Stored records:
· · · ·

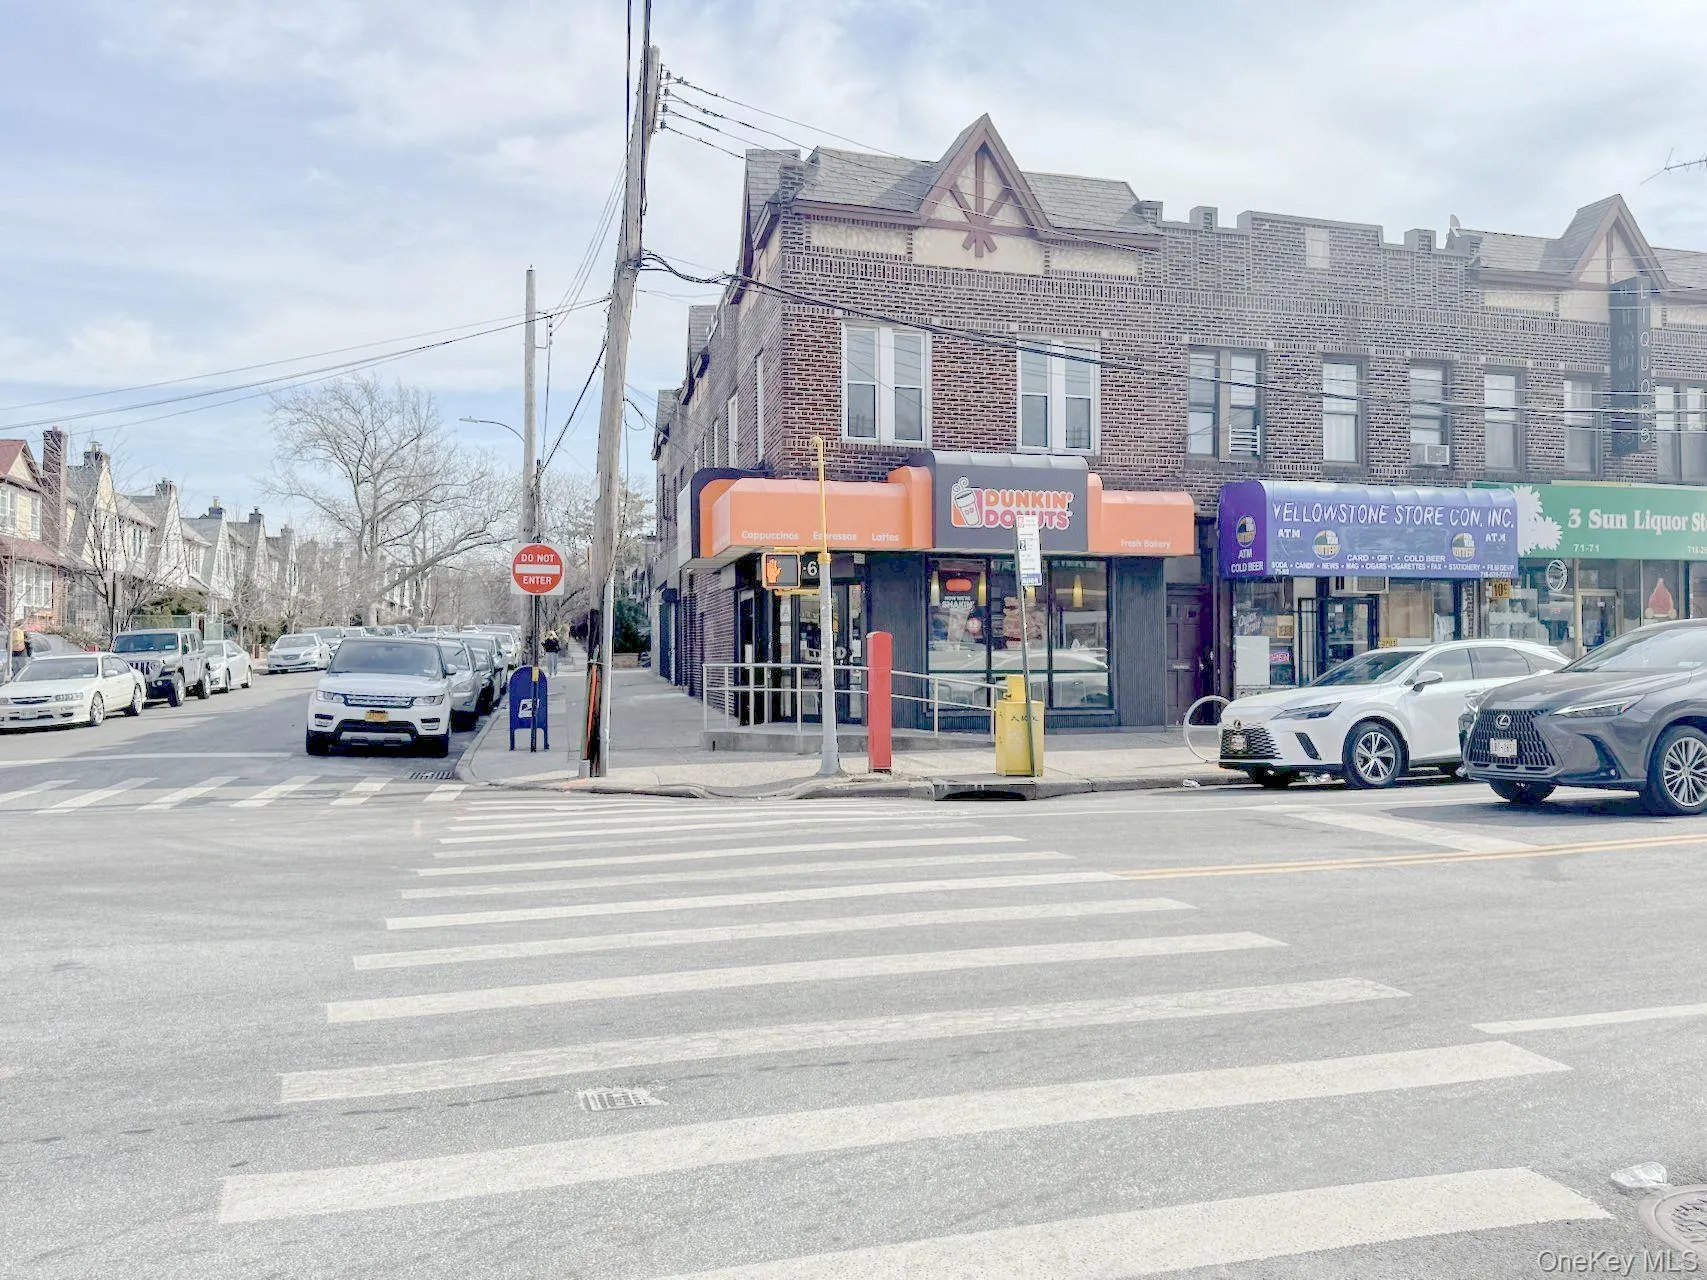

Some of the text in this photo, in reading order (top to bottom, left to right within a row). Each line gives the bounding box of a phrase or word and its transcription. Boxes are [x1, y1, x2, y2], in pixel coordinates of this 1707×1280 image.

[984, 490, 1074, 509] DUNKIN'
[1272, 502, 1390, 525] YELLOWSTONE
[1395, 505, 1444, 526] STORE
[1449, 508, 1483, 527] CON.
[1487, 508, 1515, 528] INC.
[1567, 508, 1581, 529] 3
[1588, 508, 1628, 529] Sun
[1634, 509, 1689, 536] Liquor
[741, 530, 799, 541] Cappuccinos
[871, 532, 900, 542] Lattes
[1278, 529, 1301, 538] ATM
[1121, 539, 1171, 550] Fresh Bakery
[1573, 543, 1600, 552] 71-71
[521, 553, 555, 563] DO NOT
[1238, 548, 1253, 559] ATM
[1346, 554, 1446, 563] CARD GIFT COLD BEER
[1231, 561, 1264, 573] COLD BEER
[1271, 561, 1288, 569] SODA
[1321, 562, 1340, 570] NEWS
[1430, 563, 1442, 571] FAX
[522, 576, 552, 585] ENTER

· · · ·

## Your goal
The records above are to be repeated word for word, with the pictures omitted.

## Your response
Some of the text in this photo, in reading order (top to bottom, left to right within a row). Each line gives the bounding box of a phrase or word and its transcription. Boxes are [x1, y1, x2, y2], in pixel coordinates of this 1707×1280 image.

[984, 490, 1074, 509] DUNKIN'
[1272, 502, 1390, 525] YELLOWSTONE
[1395, 505, 1444, 526] STORE
[1449, 508, 1483, 527] CON.
[1487, 508, 1515, 528] INC.
[1567, 508, 1581, 529] 3
[1588, 508, 1628, 529] Sun
[1634, 509, 1689, 536] Liquor
[741, 530, 799, 541] Cappuccinos
[871, 532, 900, 542] Lattes
[1278, 529, 1301, 538] ATM
[1121, 539, 1171, 550] Fresh Bakery
[1573, 543, 1600, 552] 71-71
[521, 553, 555, 563] DO NOT
[1238, 548, 1253, 559] ATM
[1346, 554, 1446, 563] CARD GIFT COLD BEER
[1231, 561, 1264, 573] COLD BEER
[1271, 561, 1288, 569] SODA
[1321, 562, 1340, 570] NEWS
[1430, 563, 1442, 571] FAX
[522, 576, 552, 585] ENTER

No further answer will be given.